The result should be the listing below, restated exactly, with its pictures left out.

··· Data excerpts ···

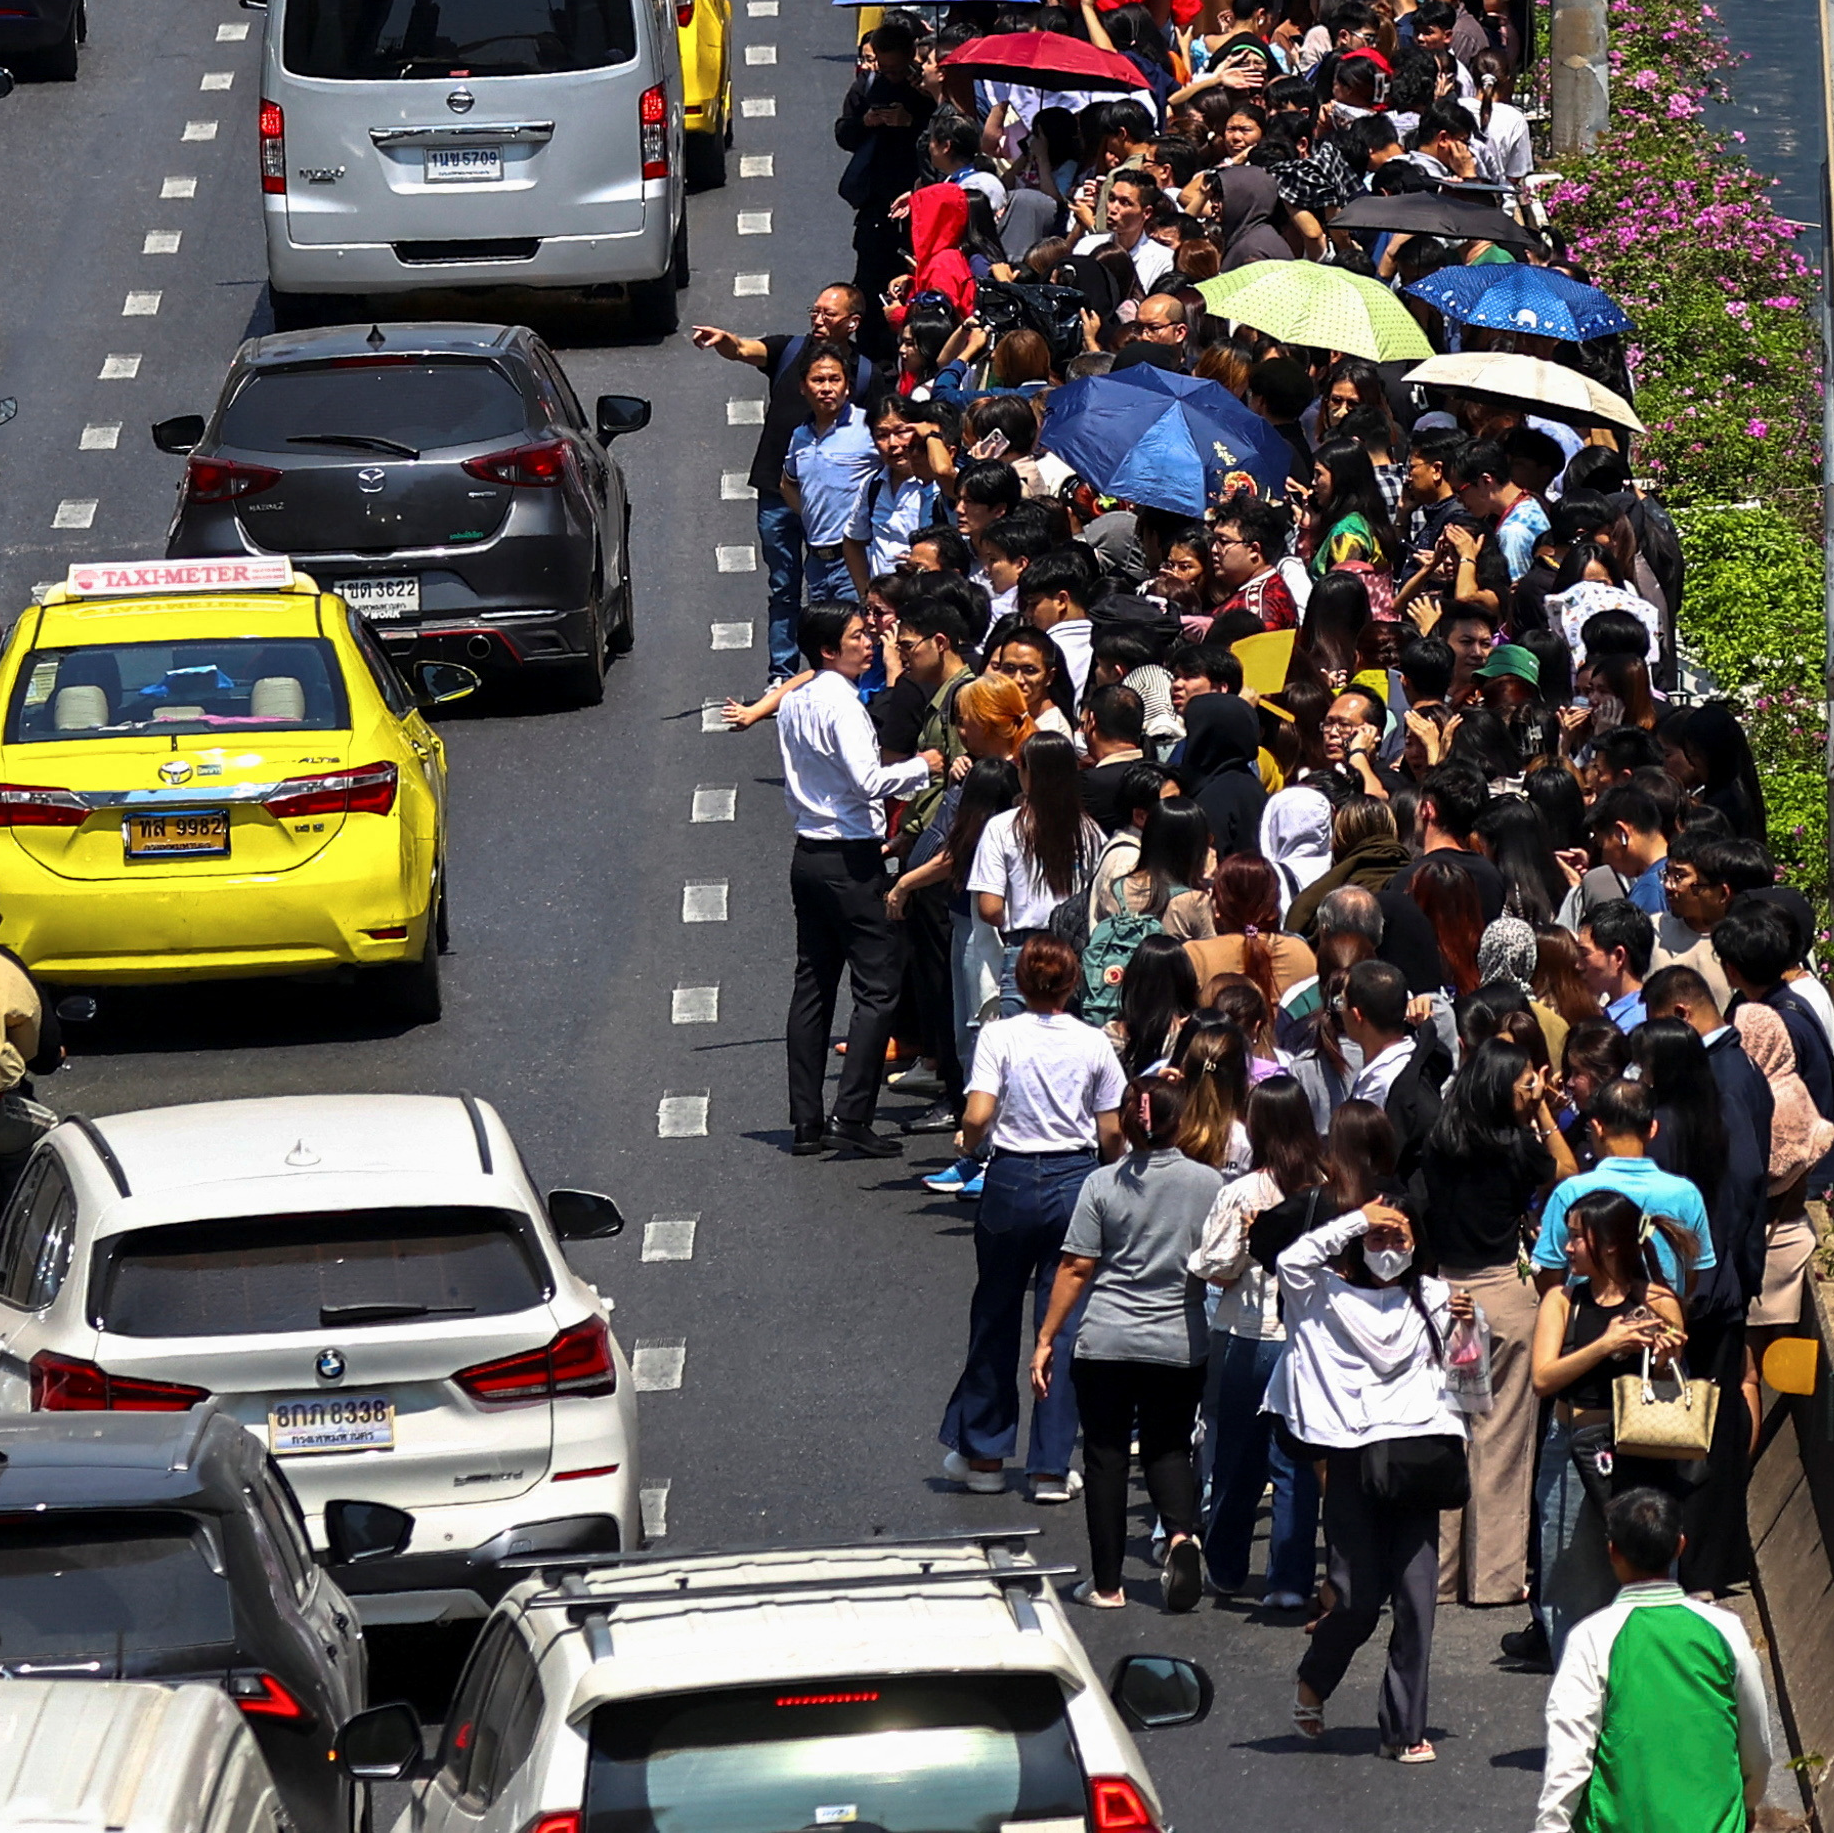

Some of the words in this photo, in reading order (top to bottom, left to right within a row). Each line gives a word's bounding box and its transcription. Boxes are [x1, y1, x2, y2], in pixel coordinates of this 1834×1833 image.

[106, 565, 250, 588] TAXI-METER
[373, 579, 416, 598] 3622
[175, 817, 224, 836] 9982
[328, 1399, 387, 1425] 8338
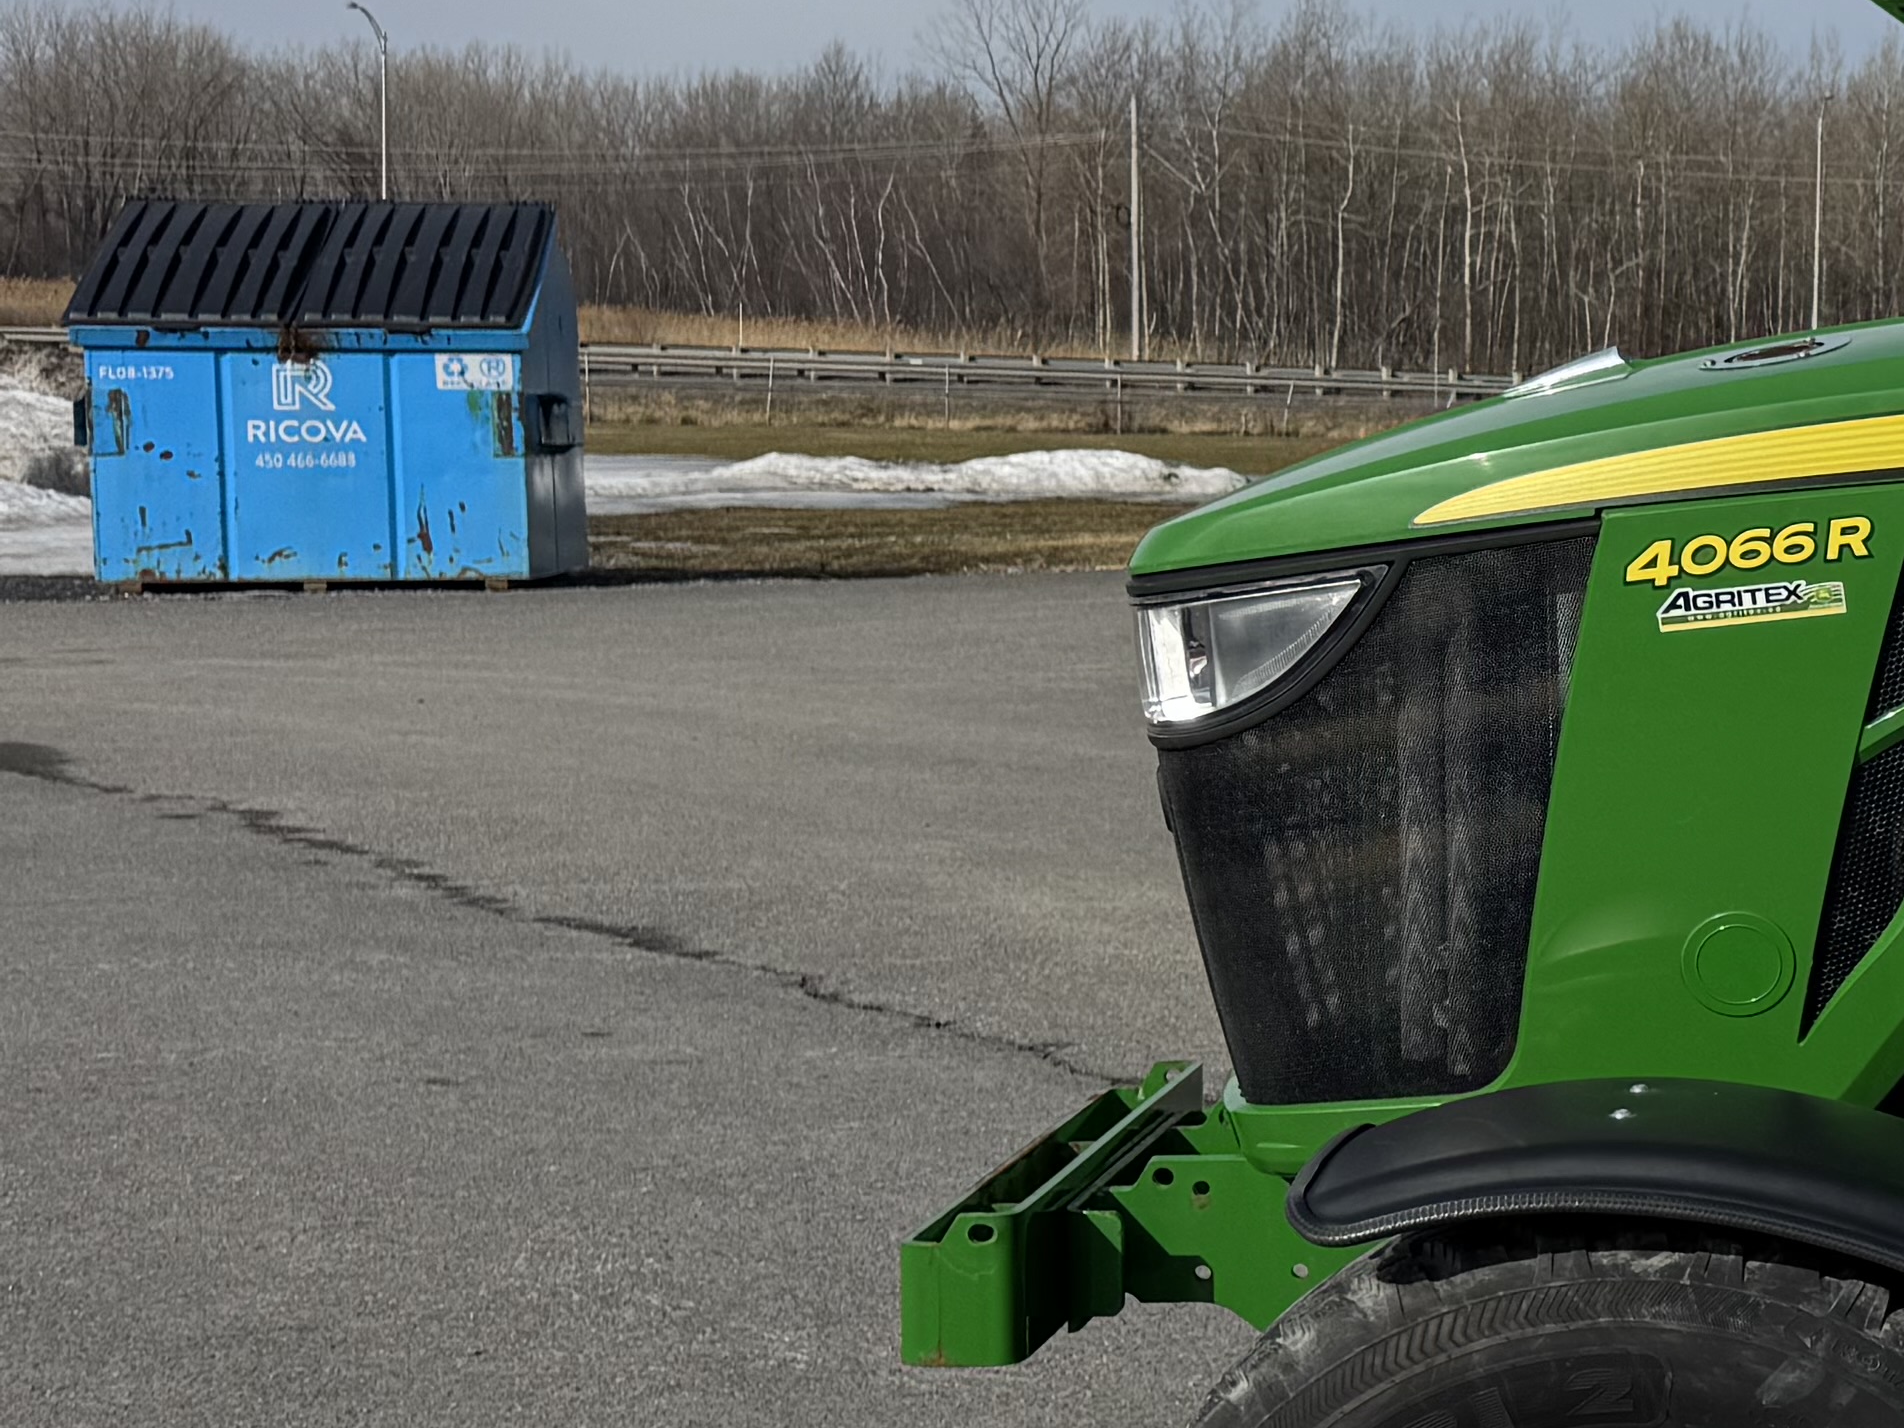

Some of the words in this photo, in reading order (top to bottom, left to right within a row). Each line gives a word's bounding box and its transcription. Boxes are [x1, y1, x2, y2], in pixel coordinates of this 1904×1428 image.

···

• Exercise result
Some of the words in this photo, in reading order (top to bottom, left to right within a row). Each line gives a word's bounding box and its transcription. Boxes are [x1, y1, x2, y2], in pixel coordinates of this 1834×1833 image.

[106, 565, 250, 588] TAXI-METER
[373, 579, 416, 598] 3622
[175, 817, 224, 836] 9982
[328, 1399, 387, 1425] 8338

Some of the words in this photo, in reading order (top to bottom, left to right within a row). Each line gives a word's bounding box and its transcription. Boxes are [x1, y1, x2, y2], in pixel coordinates of this 1904×1428 image.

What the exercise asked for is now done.